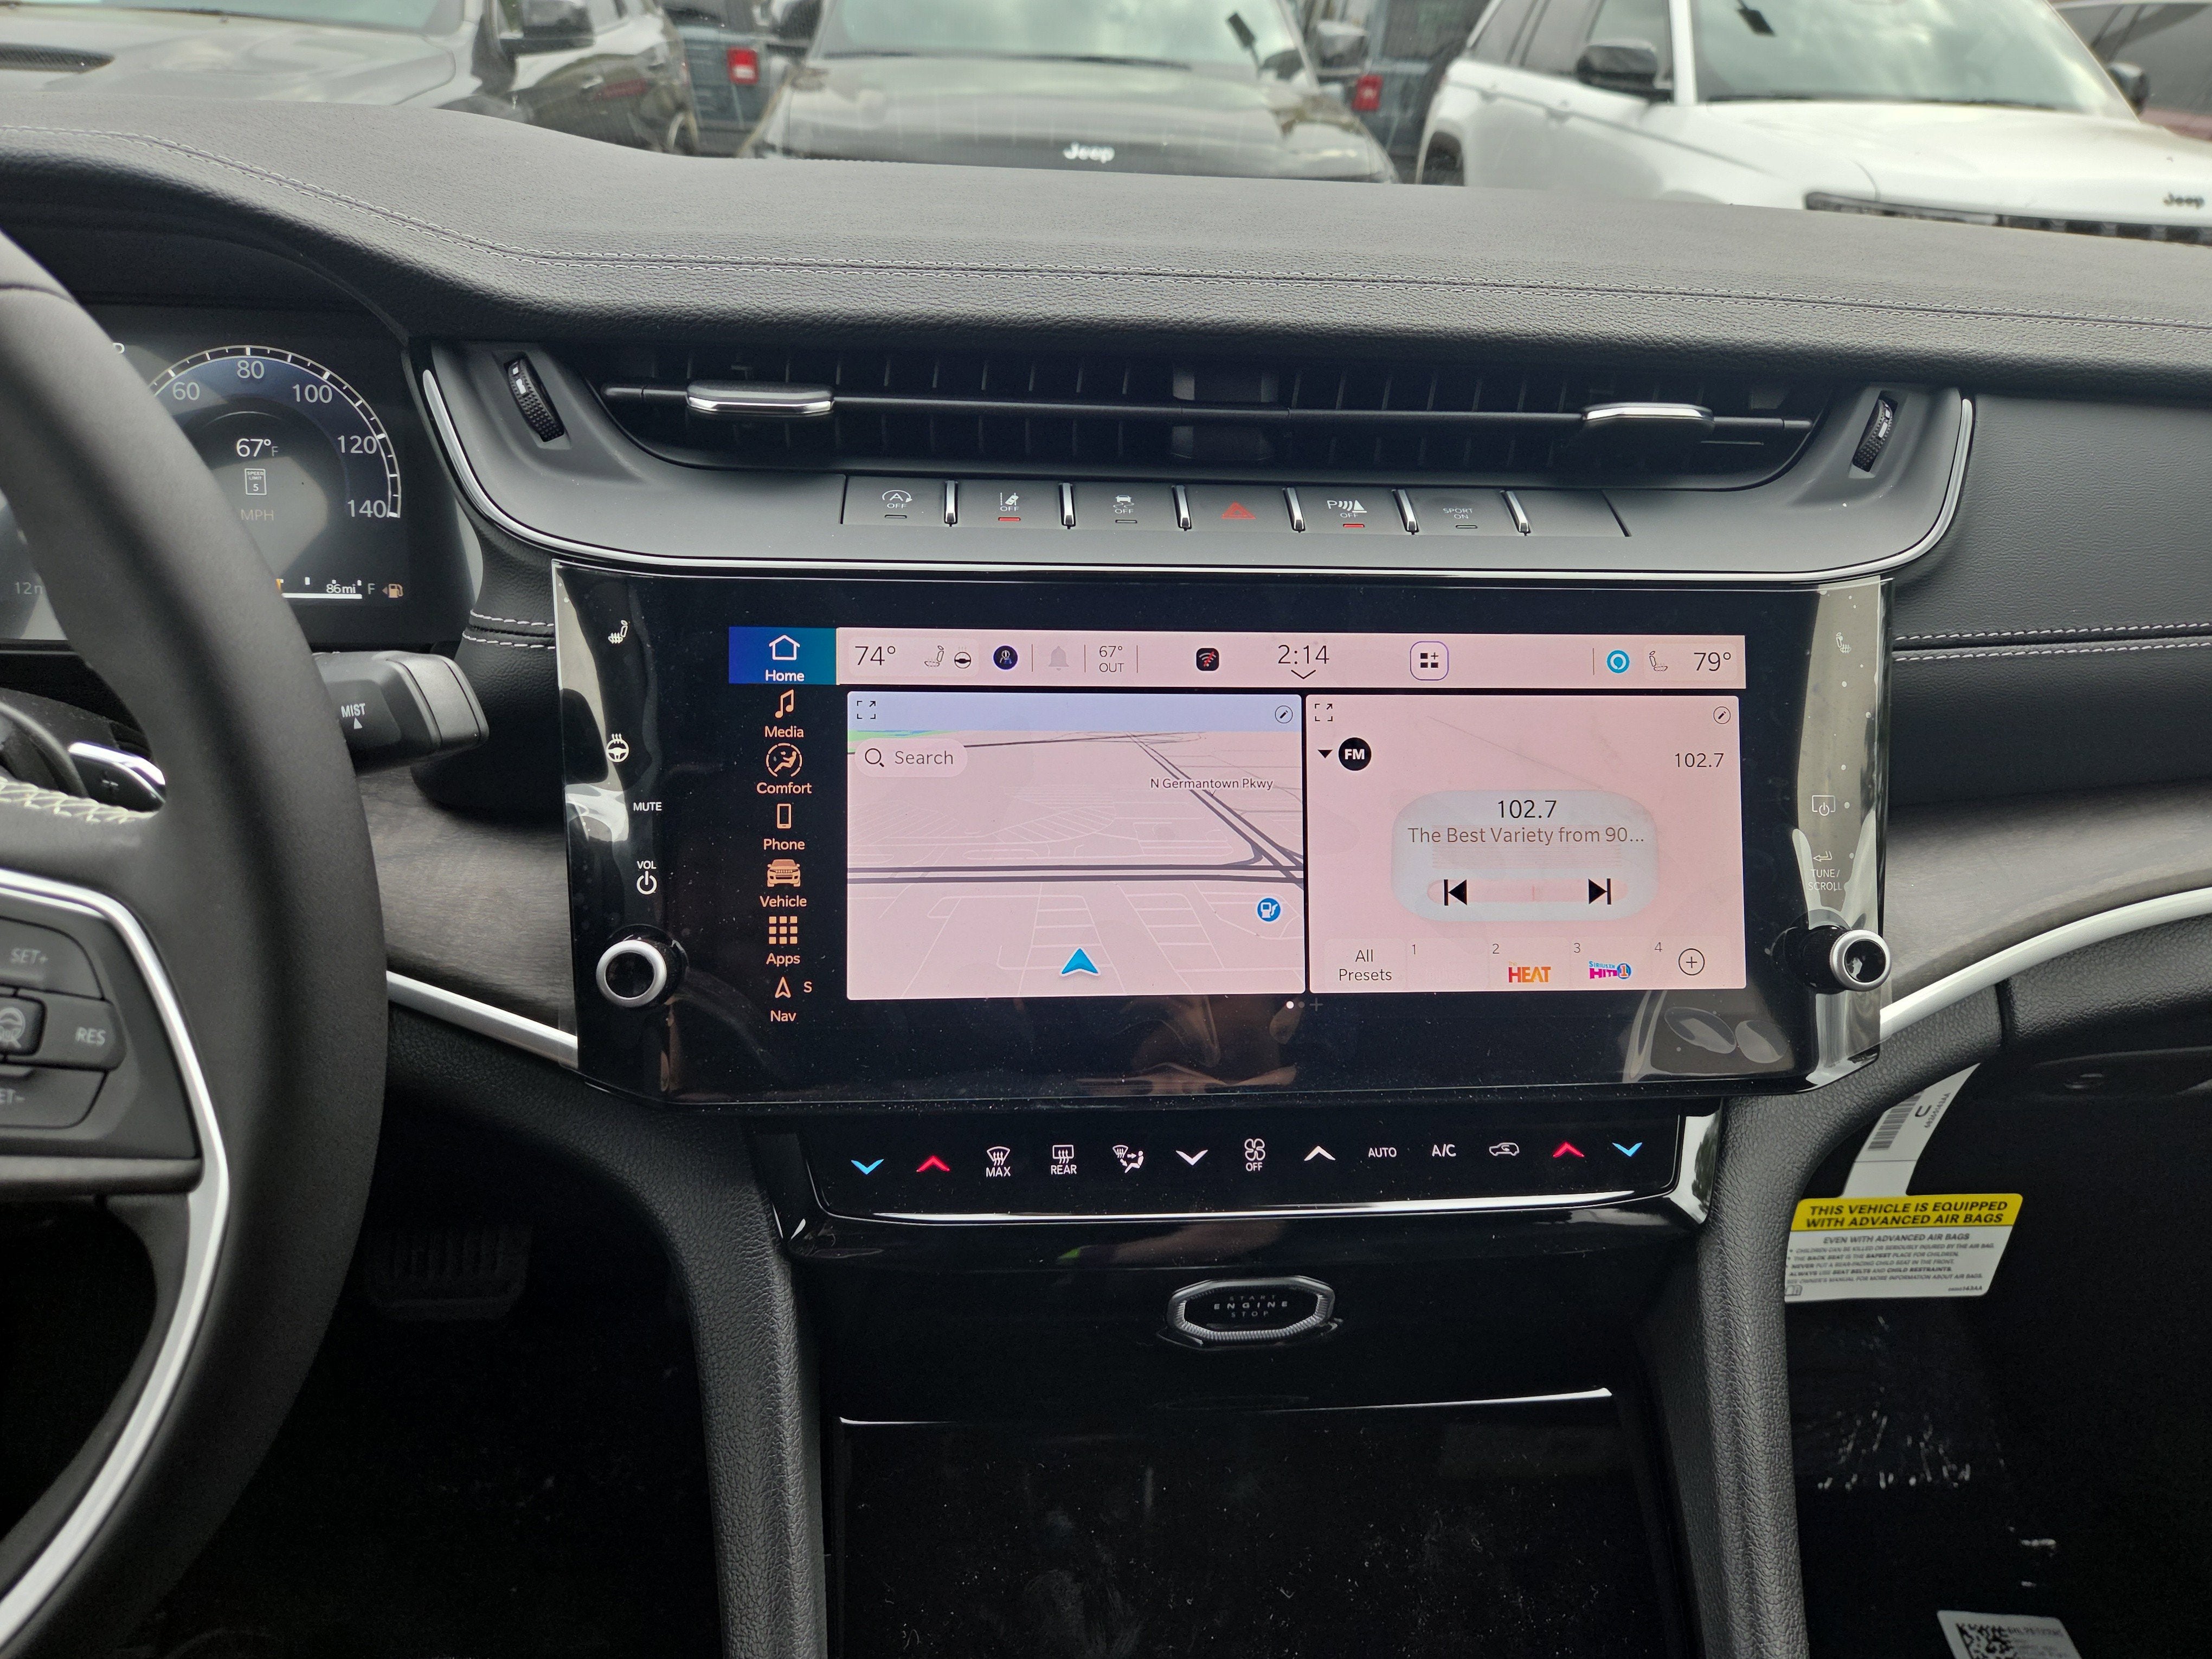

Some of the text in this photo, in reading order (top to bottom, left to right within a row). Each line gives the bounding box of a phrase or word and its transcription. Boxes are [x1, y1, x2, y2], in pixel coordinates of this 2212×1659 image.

[1063, 141, 1115, 163] Jeep
[236, 360, 265, 378] 80
[172, 381, 200, 400] 60
[292, 384, 332, 403] 100
[338, 436, 377, 454] 120
[253, 484, 259, 492] 5
[240, 509, 274, 521] MPH
[348, 499, 387, 518] 140
[326, 583, 375, 594] 86mi F
[855, 646, 896, 666] 74°
[1099, 645, 1123, 658] 67°
[1278, 645, 1329, 665] 2:14
[1099, 663, 1124, 673] OUT
[1694, 652, 1731, 671] 79°
[765, 670, 805, 682] Home
[341, 703, 365, 718] MIST
[764, 725, 804, 738] Media
[895, 750, 954, 765] Search
[1345, 749, 1365, 760] FM
[1675, 753, 1724, 768] 102.7
[756, 782, 812, 794] Comfort
[1150, 779, 1274, 791] N Germantown Pkwy
[633, 802, 662, 811] MUTE
[1498, 800, 1557, 818] 102.7
[1407, 827, 1441, 843] The
[1447, 827, 1486, 843] Best
[1490, 827, 1554, 846] Variety
[1559, 827, 1600, 842] from
[763, 838, 805, 851] Phone
[636, 860, 656, 869] VOL
[1811, 869, 1840, 878] TUNE/
[1808, 882, 1843, 891] SCROLL
[760, 896, 807, 908] Vehicle
[1412, 944, 1416, 955] 1
[1492, 943, 1500, 954] 2
[1574, 943, 1580, 953] 3
[1654, 942, 1663, 953] 4
[766, 953, 800, 967] Apps
[1355, 949, 1373, 962] All
[1339, 968, 1392, 981] Presets
[1508, 967, 1551, 983] HEAT
[803, 981, 812, 993] S
[770, 1011, 796, 1022] Nav
[75, 1027, 106, 1046] RES
[0, 1088, 25, 1105] ET-
[1368, 1147, 1397, 1158] AUTO
[1432, 1144, 1457, 1157] A/C
[986, 1167, 1011, 1177] MAX
[1051, 1165, 1077, 1175] REAR
[1245, 1162, 1263, 1172] OFF
[1810, 1201, 2008, 1216] THIS VEHICLE IS EQUIPPED
[1806, 1213, 2004, 1227] WITH ADVANCED AIR BAGS
[1823, 1236, 1847, 1244] EVEN
[1850, 1235, 1873, 1243] WITH
[1875, 1234, 1925, 1242] ADVANCED
[1214, 1301, 1288, 1310] ENGINE

----

_Task instructions_
Scan the preceding records line by line, and state how many lines contain "ADVANCED". Nothing else belongs in the answer.

_Completed exercise_
2